I let out a bitter laugh. “I _want_ to do this, Wolf. It’s not that.”

“Then what is it, Tiger? We’ve always been able to talk before. We can talk about this,” he said, kissing the top of my head. I felt myself go hot, then cold all over. Before Wolf, I’d never _talked_ to boys while we were making out. With Hugh I’d always just sort of gone along with things, and I’d push him away if I got uncomfortable. I didn’t know if I could tell Wolf what I was thinking, but I had never wanted to talk to anyone so much, about everything, as I did with him.

“It’s strange,” I said. He waited for me, not pushing. “I mean, I want it too – ” I blushed and turned my head against his chest, so he couldn’t see me. “—But I can hide it better, I suppose, so it’s just so – so _weird_ to feel you like that. Like you don’t have any control over it.”

Wolf laughed. “I _don’t_ have much control over it.
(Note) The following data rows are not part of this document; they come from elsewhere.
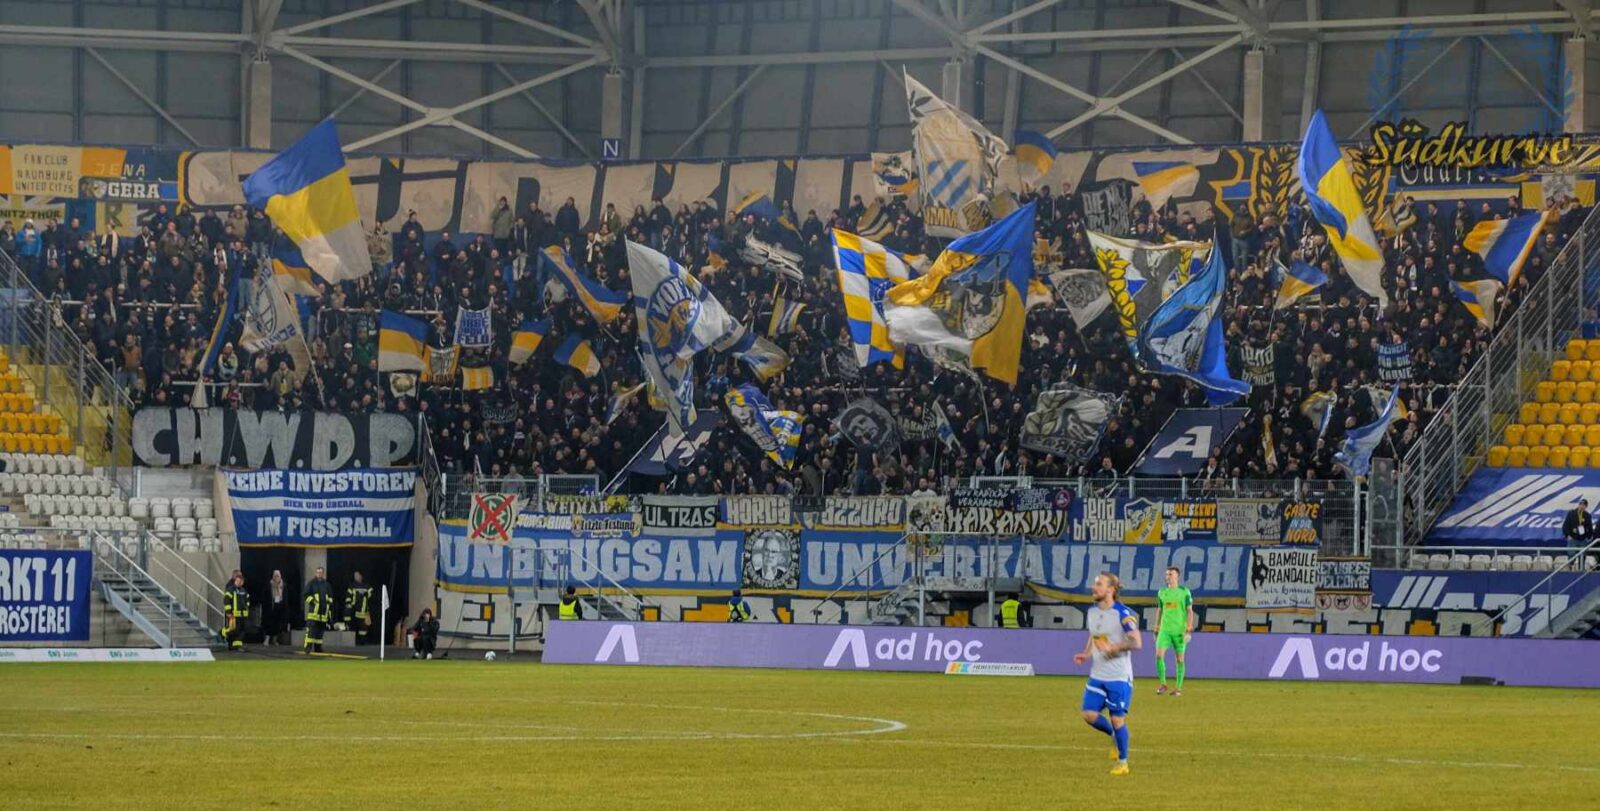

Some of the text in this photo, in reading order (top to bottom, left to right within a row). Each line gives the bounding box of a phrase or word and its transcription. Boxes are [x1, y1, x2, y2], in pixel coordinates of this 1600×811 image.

[603, 139, 619, 157] N
[108, 183, 160, 199] GERA
[226, 471, 283, 492] KEINE
[289, 471, 416, 493] INVESTOREN
[257, 516, 391, 537] IM FUSSBALL
[645, 505, 716, 528] ULTRAS
[1073, 518, 1125, 541] branco
[440, 532, 739, 582] UNBEUGSAM
[51, 557, 76, 602] 11
[875, 632, 983, 661] ad hoc
[1325, 641, 1443, 672] ad hoc
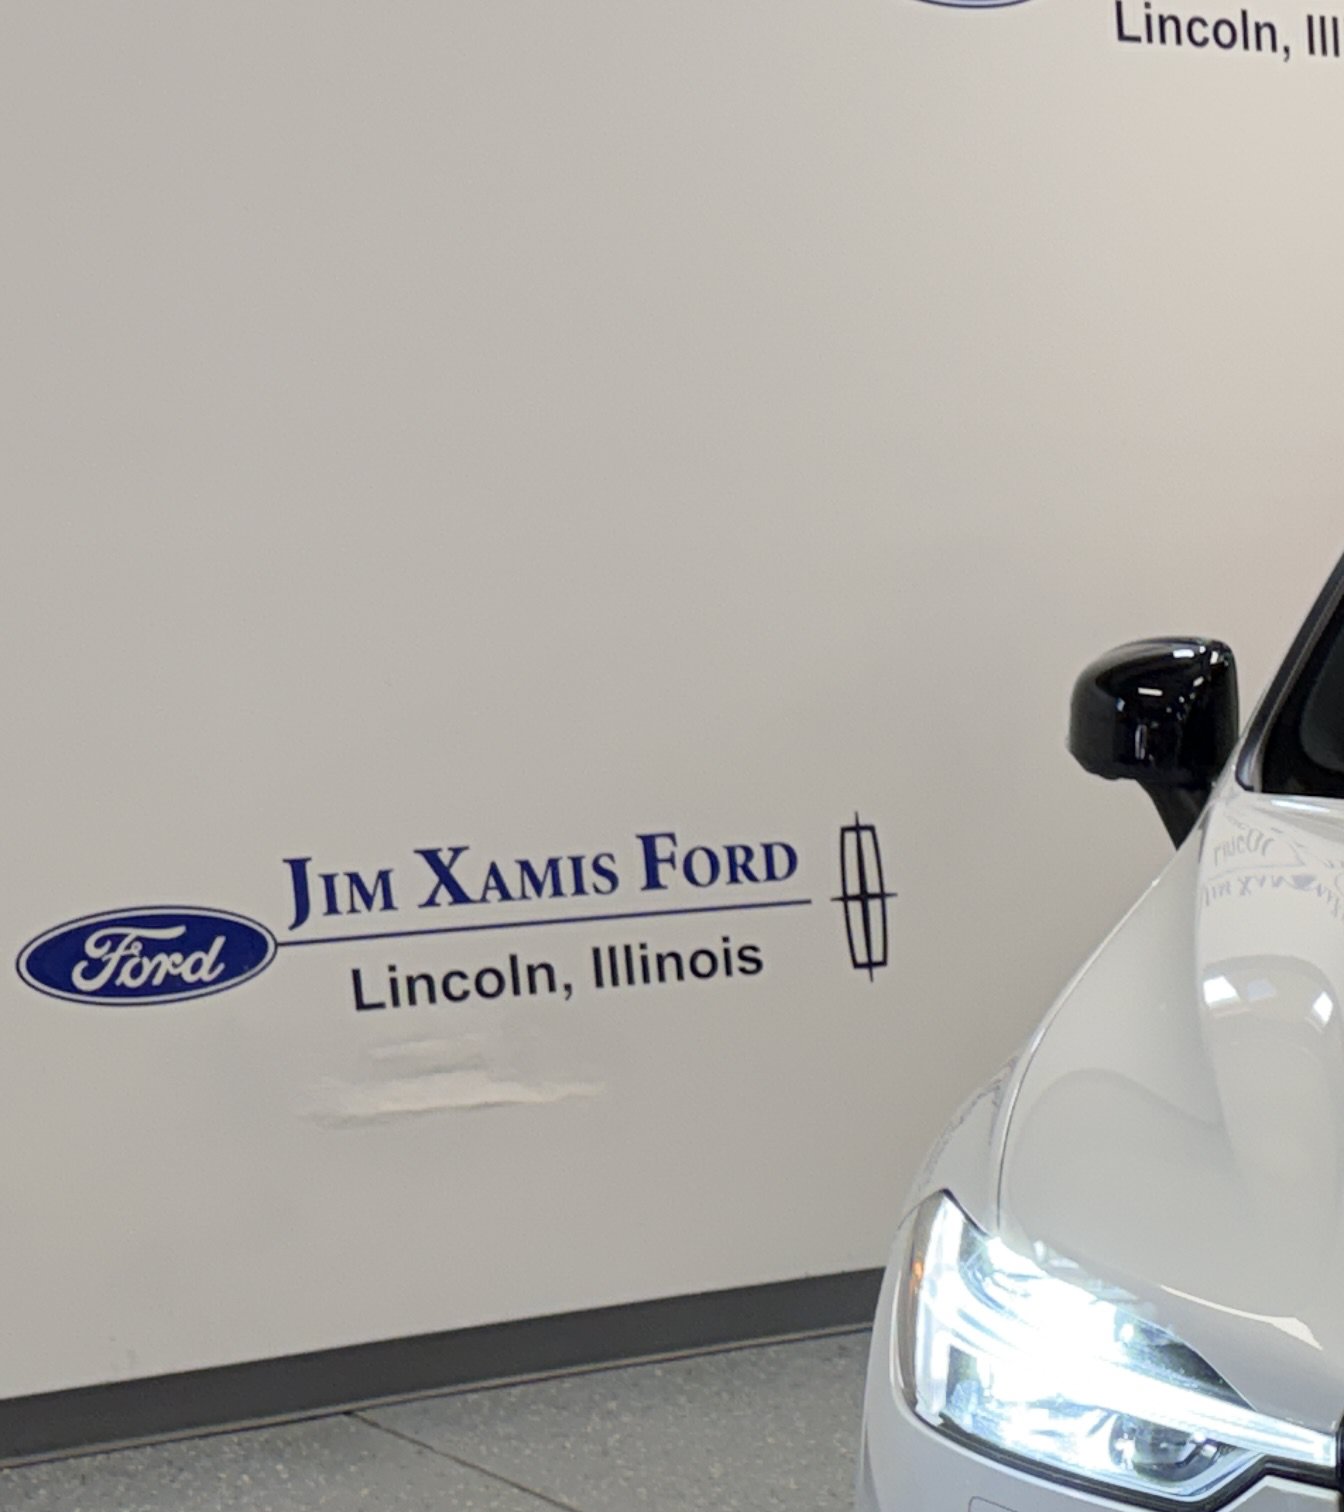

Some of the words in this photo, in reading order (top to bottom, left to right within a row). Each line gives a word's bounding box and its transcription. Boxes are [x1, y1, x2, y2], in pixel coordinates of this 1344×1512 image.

[1114, 0, 1291, 62] Lincoln,
[282, 856, 396, 931] JIM
[413, 845, 620, 909] XAMIS
[635, 831, 799, 891] FORD
[71, 924, 227, 993] Ford
[351, 952, 574, 1012] Lincoln,
[592, 935, 765, 989] Illinois
And I guess it must feel weird to you, now that you mention it,” he said in his lilting voice. “But to tell the truth, I never gave it much thought. It just happens, when you kiss me. It feels good, it means what you’re doing makes me feel good, and I like how it feels. But it doesn’t mean I want anything else from you. If I did, I’d tell you before it happened.”

“You would?”

“Of course. That’s too important to _not_ talk about, Tiger.”
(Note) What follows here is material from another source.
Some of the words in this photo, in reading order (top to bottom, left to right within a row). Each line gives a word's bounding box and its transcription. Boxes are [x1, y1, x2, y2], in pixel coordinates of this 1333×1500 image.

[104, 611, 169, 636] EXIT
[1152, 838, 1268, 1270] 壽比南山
“And what if I want something from _you_?”

“Then I hope you’d talk to me about it, too.” I thought about that, for a few moments. He had already invited me into so much of his world – his canyons, his family, his people – and now he was inviting me in to talk about our bodies, our desires. I wanted to do it, too. I wanted to talk to him and get to know him – all of him. But not yet, I knew I wasn’t ready to do it yet. I still needed time to explore my own body without him, so I could show him what I liked. I needed time to get used to him and how he responded to me, without becoming afraid of it. And we both needed time to learn what the other one liked, to learn what we wanted to do and what we didn’t want to do, at least not yet.

I wanted to tell Wolf that I loved him, and that I only ever wanted to talk about these things with him. I wanted to tell him that I’d never had sex before, and didn’t know how much I could want another person before this. I wanted to tell him how excited I was that he was my boyfriend. Instead, I agreed that I’d keep talking to him, that I wouldn’t let anything get in the way of that.
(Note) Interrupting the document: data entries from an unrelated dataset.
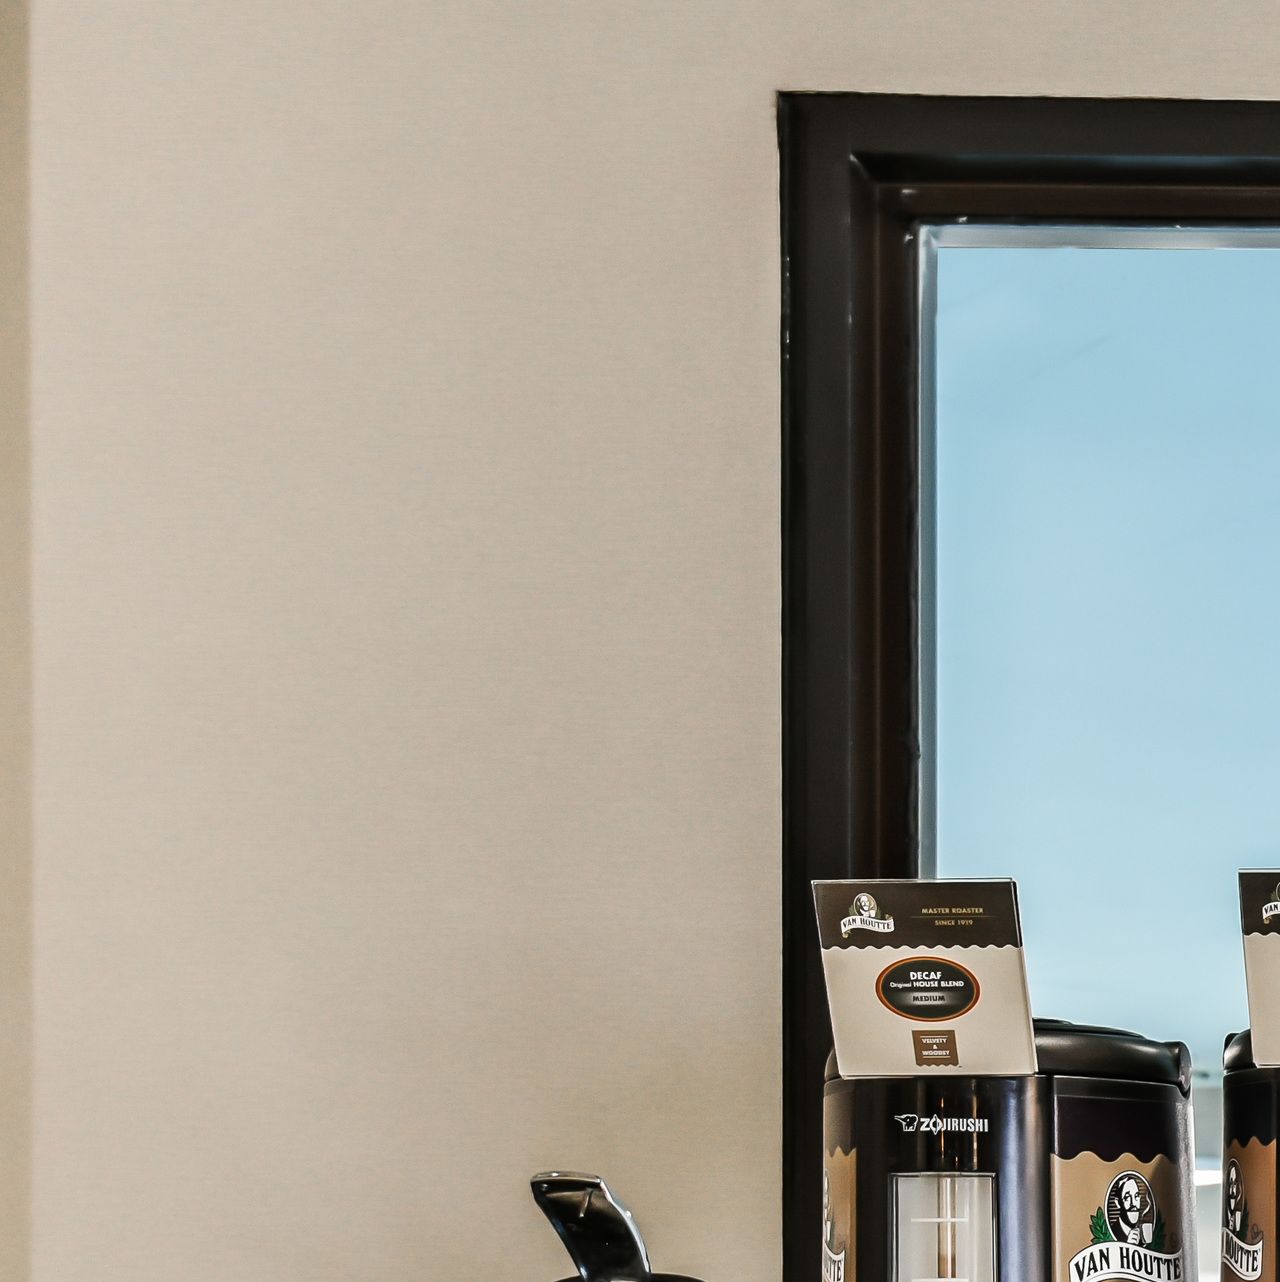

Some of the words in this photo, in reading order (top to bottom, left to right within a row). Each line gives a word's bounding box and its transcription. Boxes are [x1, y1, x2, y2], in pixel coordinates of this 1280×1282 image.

[1264, 903, 1278, 915] VAN
[843, 918, 857, 928] VAN
[861, 918, 892, 930] HOUTTE
[910, 972, 941, 980] DECAF
[920, 1114, 988, 1135] ZOJIRUSHI
[1225, 1236, 1258, 1273] HOUTTE
[1074, 1248, 1110, 1282] VAN
[1120, 1247, 1181, 1280] HOUTTE
We kept kissing for a while after that, but in a slow, satisfied way, without the urgency of before. There was time for that, plenty of time for kissing and petting and love-making, but it would be dark soon, and the descent from the caves was dangerous enough in full daylight. So Wolf packed up his blanket and ropes, I gathered the scattered orange peels, and we made our way down and out of the canyon.

We would come back later, after the lizards returned, but so much happened to both of us after that first time in the cave that I often returned to those weeks, in my memory, to help me get through the loneliness when Wolf was away. 

 

 

**Author's Note:**

> This is a small fandom -- no posting yet -- but if there is any interest in me writing more chapters, I will likely do so. And may even do so without encouragement, I like this pairing so much!


End file.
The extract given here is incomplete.